Magda Herrera is joining Texas Law as Chief Development Officer starting on January 4, 2021. It’s a true homecoming for the Double Longhorn who graduated from Texas Law in 2005 after earning her Bachelor of Arts from UT Austin in 2002, majoring in Government. She was a Public Interest Law Fellow in 2003 and 2004, and won a 2005 UT Co-Op Public Interest Award.
Herrera comes back to the Capitol City after eight successful, record-breaking years at the University of Houston and the University of Houston Law Center, including the last four years serving as the Senior Director of Advancement. In that role, she raised nearly $95M for the Law Center’s Capital Campaign, well above their fundraising target.
That kind of leadership has always been a hallmark of Herrera’s career. In only her second position after law school, she served as Executive Director of the Hispanic National Bar Foundation in Washington, D.C.
We spoke with Ms. Herrera as she gets ready to wear burnt orange once again.
Christopher Roberts: First things first: Welcome back to Texas Law!
Magda Herrera: Thank you so much! I’m happy to be back.
CR: I am sure much of what you find here will be new, and yet much will be familiar. What are some of your fondest memories of the school and the professors?
MH: The best thing about my law school experience was the people—the friends I made, the faculty members who taught my favorite classes, and the mentors that I found during my summer clerkships. Attending Texas Law widened my universe and enabled me to live in cities around the US, working on all kinds of issues from community development, civil rights, labor law, and communications policy. Even now, some of my closest friends are people I met in law school on the first day of orientation, through student organizations like CHLSA, and while studying for the bar. I cherish those memories and look forward to making new ones as a member of the Texas Law team.
CR: For those readers who don’t quite know, what exactly is a Chief Development Officer?
MH: A Chief Development Officer (CDO) is someone who is responsible for creating a culture of philanthropy at an organization.

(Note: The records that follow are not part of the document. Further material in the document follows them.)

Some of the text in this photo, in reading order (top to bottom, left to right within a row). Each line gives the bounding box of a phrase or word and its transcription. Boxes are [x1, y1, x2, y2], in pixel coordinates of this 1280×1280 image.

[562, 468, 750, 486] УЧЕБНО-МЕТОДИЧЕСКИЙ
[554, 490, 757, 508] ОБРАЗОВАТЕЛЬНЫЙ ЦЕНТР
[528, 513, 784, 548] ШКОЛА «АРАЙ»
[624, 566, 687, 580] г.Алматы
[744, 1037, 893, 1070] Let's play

By building relationships, securing gifts, and overseeing a strategy to ensure that an institution like Texas Law has the resources it needs to meet its mission. In our case, it is about educating alumni and the wider community about the impact they can make by investing in the Law School and helping them find avenues to reengage and support the institution that helped them become successful.
CR: What excites you about doing this kind of work?

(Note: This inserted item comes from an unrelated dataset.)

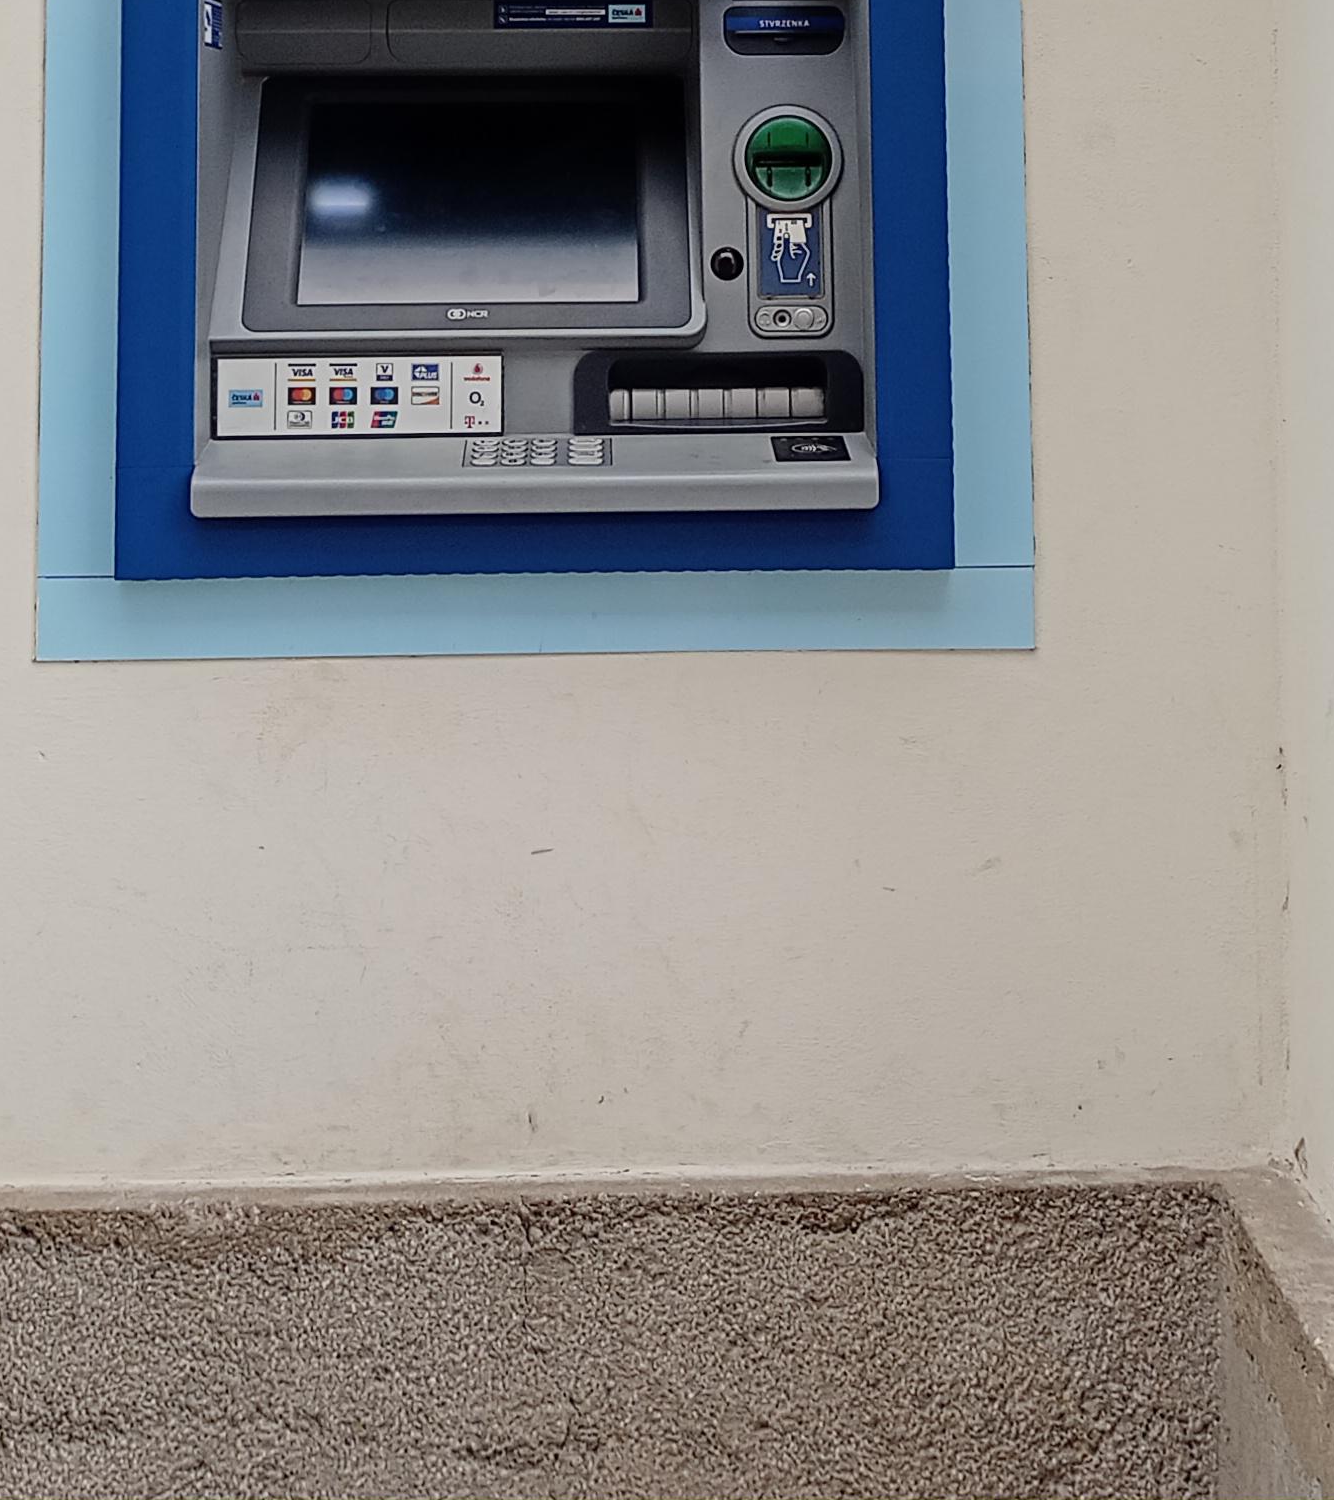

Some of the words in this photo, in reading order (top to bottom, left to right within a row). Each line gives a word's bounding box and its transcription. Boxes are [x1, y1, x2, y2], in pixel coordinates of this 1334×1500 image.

[291, 368, 314, 377] VISA
[333, 367, 354, 376] VISA
[419, 371, 438, 379] PLUS

MH: Using my law degree and 14 years of experience in nonprofit management and fundraising to support my alma mater is my dream job. Moreover, it’s fun.
There is a common misconception that fundraisers spend their days trying to convince people to give them money. That is not the reality. Fundraising is about finding the people who care about what your organization is doing — its needs and its impact — and connecting them to that mission. There is a lot of joy in this work!

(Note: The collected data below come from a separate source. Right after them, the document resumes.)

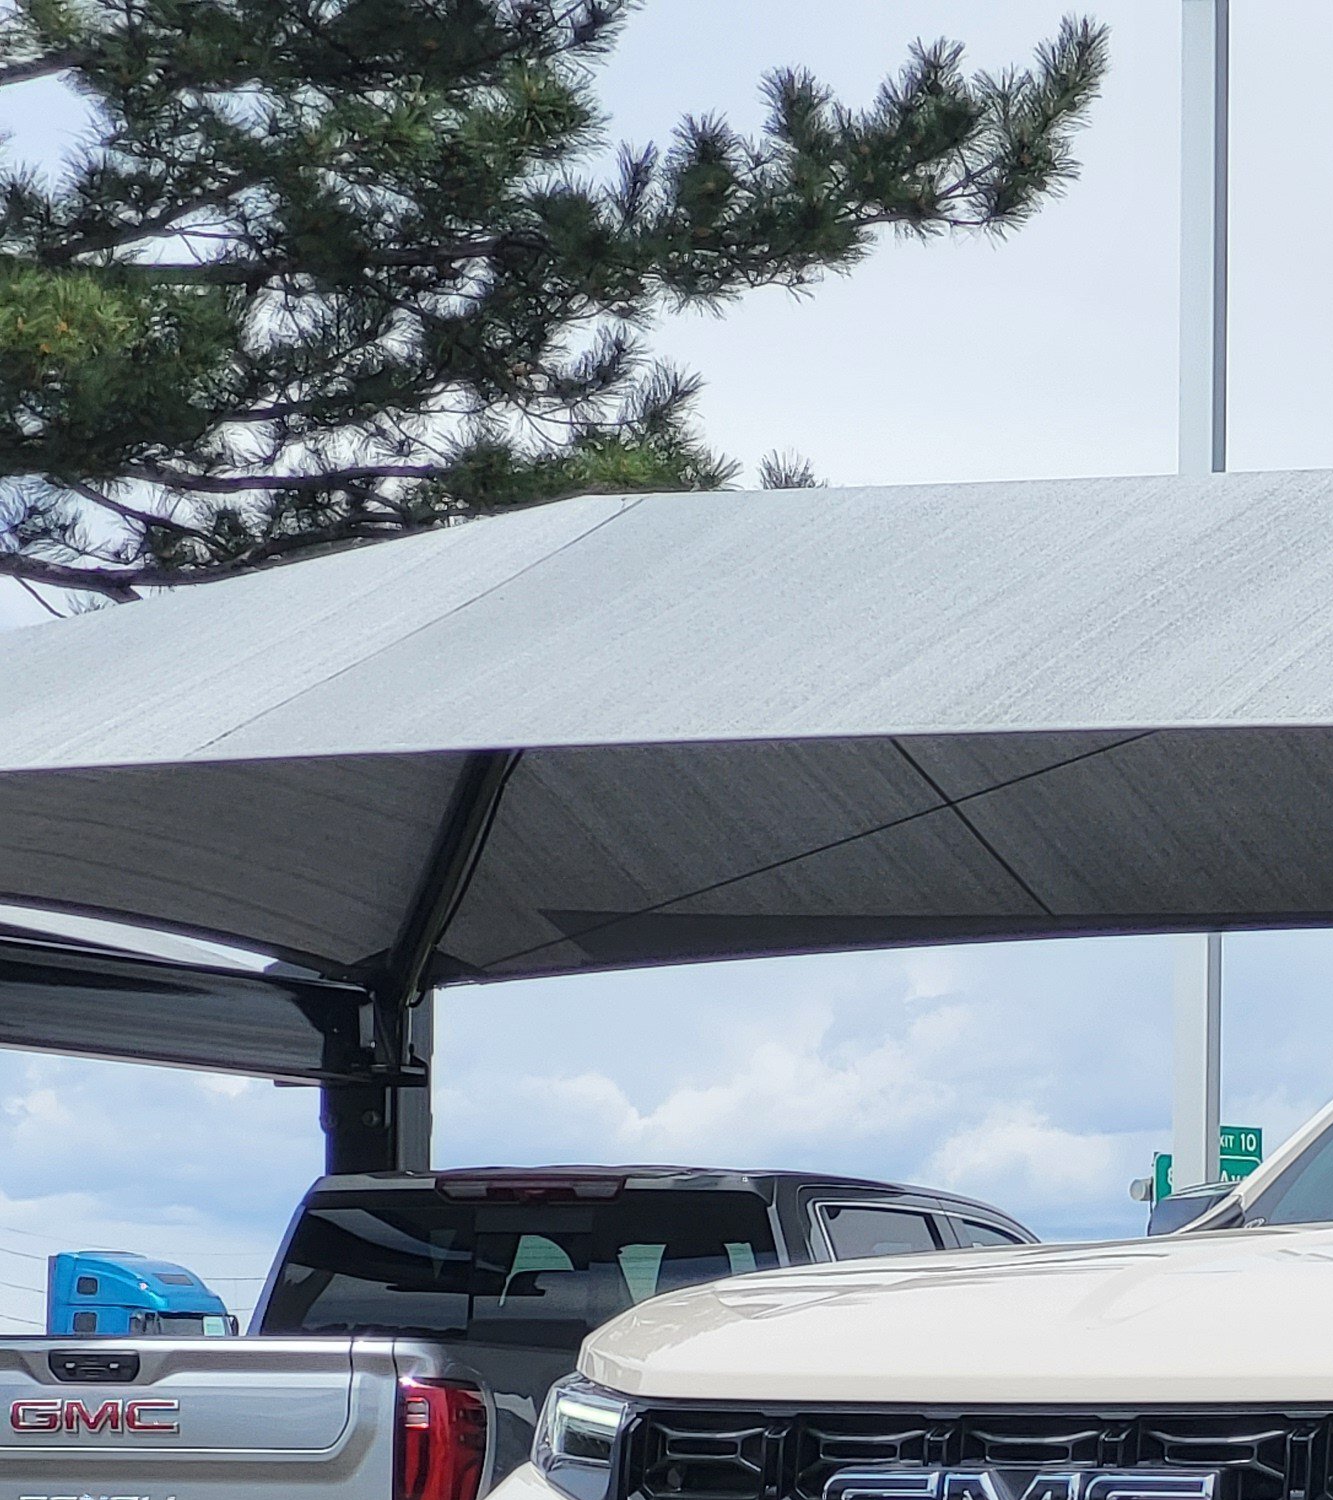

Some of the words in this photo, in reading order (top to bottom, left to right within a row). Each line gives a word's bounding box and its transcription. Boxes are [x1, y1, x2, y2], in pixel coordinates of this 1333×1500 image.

[1220, 1134, 1235, 1149] XIT
[1240, 1133, 1257, 1151] 10
[10, 1398, 181, 1434] GMC
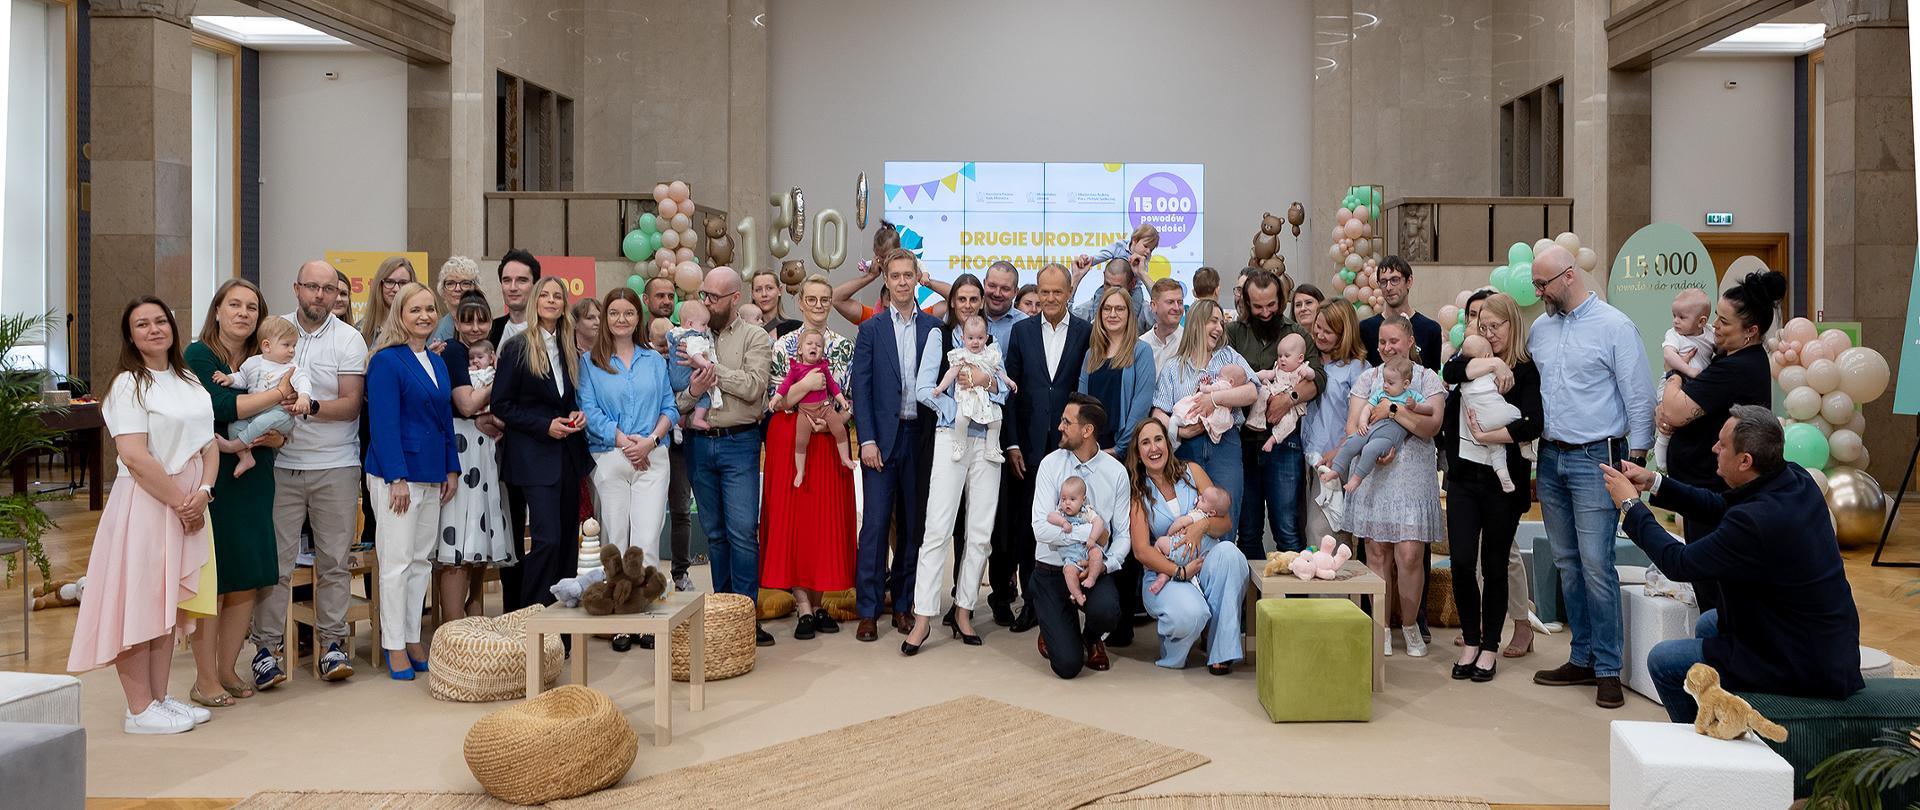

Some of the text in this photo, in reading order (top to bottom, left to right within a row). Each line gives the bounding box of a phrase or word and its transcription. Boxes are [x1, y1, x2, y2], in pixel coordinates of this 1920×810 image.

[1133, 196, 1153, 213] 15
[1156, 196, 1192, 213] 000
[1140, 213, 1185, 225] powodów
[1155, 223, 1187, 233] adości
[959, 231, 1129, 247] DRUGIE URODZINY
[1621, 251, 1698, 279] 15 000
[1615, 280, 1653, 293] powod

My favorite part of the job is getting to know people and their passions and interests, and finding ways to help them realize their vision for a better future. People give for so many different reasons: because they had a wonderful experience, because they feel grateful and want to pay it forward, because they want to make something better, or because they want to leave a legacy at an institution or program that will positively influence generations to come. It is exciting to work with them to find the best philanthropic tools to accomplish their goals.
CR: You really do make it sound awesome! A year from now, when we look back at the accomplishments of 2021—especially given all the unknowns after a most unusual 2020—what do you hope to be able to talk about?
MH: We are living in an unprecedented time. The landscape of philanthropy is changing as well. Traditional models of fundraising and donor demographics are evolving. It is critical that Texas Law creates an inclusive model for engagement, mentorship, and giving. The same old strategies won’t be enough to compete in a dynamic environment. So, my focus for 2021 will be to expand the base of support for the law school so that more alumni feel invested in the future of this institution and proud to support the next generation of scholars, entrepreneurs, and advocates.
I would also like to help build bridges between the law school and the wider university to attract funding for collaborative, interdisciplinary programs. The future is wide open for schools like Texas Law that can be visionary and impact the community through education, advocacy, and thought leadership.
CR: That is all wonderful. I know we’re all excited to see it happen—and thrilled to have you here!
MH: I’m thrilled to be here and to get started.